A culture of overwork in elite men’s football is threatening players’ health, a new study has found days before Mohammed Salah and Sadio Mané each play their 70th game of the season in the Champions League final.
The international players’ union Fifpro has released the results of a workload survey of more than 1,000 professional players and high-performance coaches. Even more tellingly, it also looked at the activity of 265 players – calculating minutes played, kilometers traveled and rest days between games.
The figures showed that 72 of the 265 had played 55 games or more in the 2020-21 season, which would make exceeding a level agreed by coaches a risk for the players. They also competed regularly without a recommended five-day break between games, with 147 instances of players attending 10 or more games in a row.
These more general figures are corroborated by examples from club football’s flagship match on Saturday in Paris. In preseason, Salah and Mane will have played 15 more games this year than the 55 mark. More than 60% of these games were played during periods of insufficient recovery. The pair, who have met in the Africa Cup of Nations final and a World Cup play-off this year, have traveled nearly 200,000km between them to play for their club and national team.
Similar problems affect Real Madrid players. Despite a late start to the season, Karim Benzema will have played 53 games by the end of the season. Éder Militão and Vinícius Júnior have each traveled 128,000 km, mainly to play for Brazil.
In the survey responses, player concerns mirrored the messages contained in the data: 55% said they had sustained at least one injury due to a busy schedule, and 20% said they had suffered multiple injuries. Only 32% said they received the four-week break recommended at the end of the 202-21 season, and 76% agreed that extra protection is needed to guarantee break times.

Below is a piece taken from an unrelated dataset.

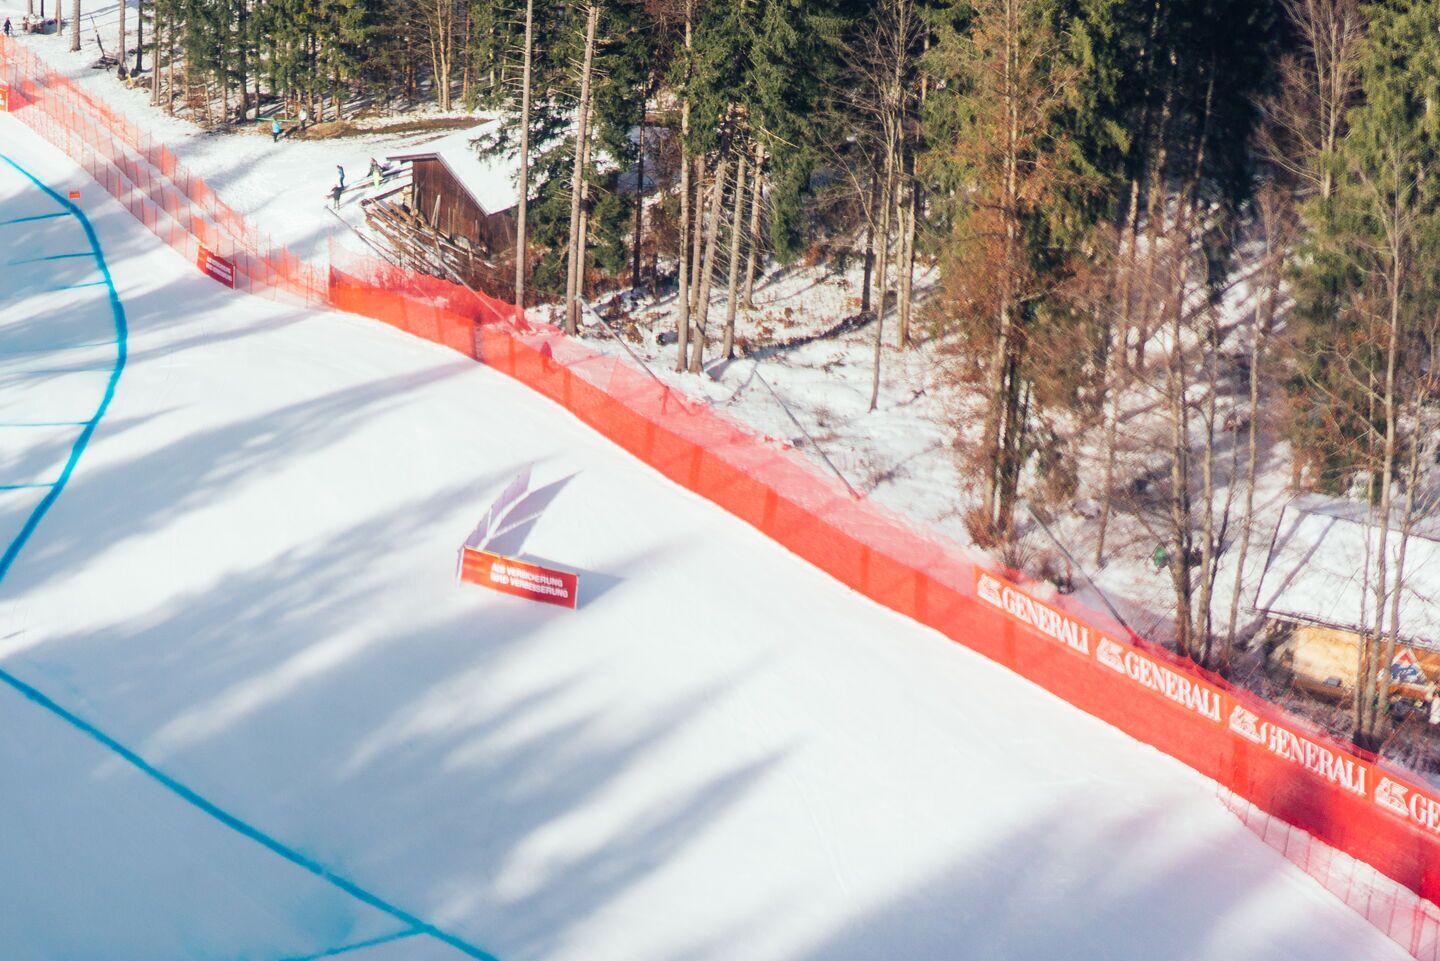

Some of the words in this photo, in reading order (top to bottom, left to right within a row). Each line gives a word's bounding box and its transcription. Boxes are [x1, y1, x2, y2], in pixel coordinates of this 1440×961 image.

Overload concerns are regularly raised by top coaches, led by Liverpool’s Jurgen Klopp. However, discussions between the governing bodies, such as the one that led to the agreement on reforming the Champions League this spring, have tended to add more dates to the calendar.
“The strain on players’ health reveals the governance crisis in our sport,” said Fifpro Secretary General Jonas-Baer Hoffmann. “A competitive model that values players as assets but denies them adequate rest and recreation has set us down a path that is unsustainable and intractable. Reform is urgent and the work starts here: by listening to the players and what their bodies are telling us.”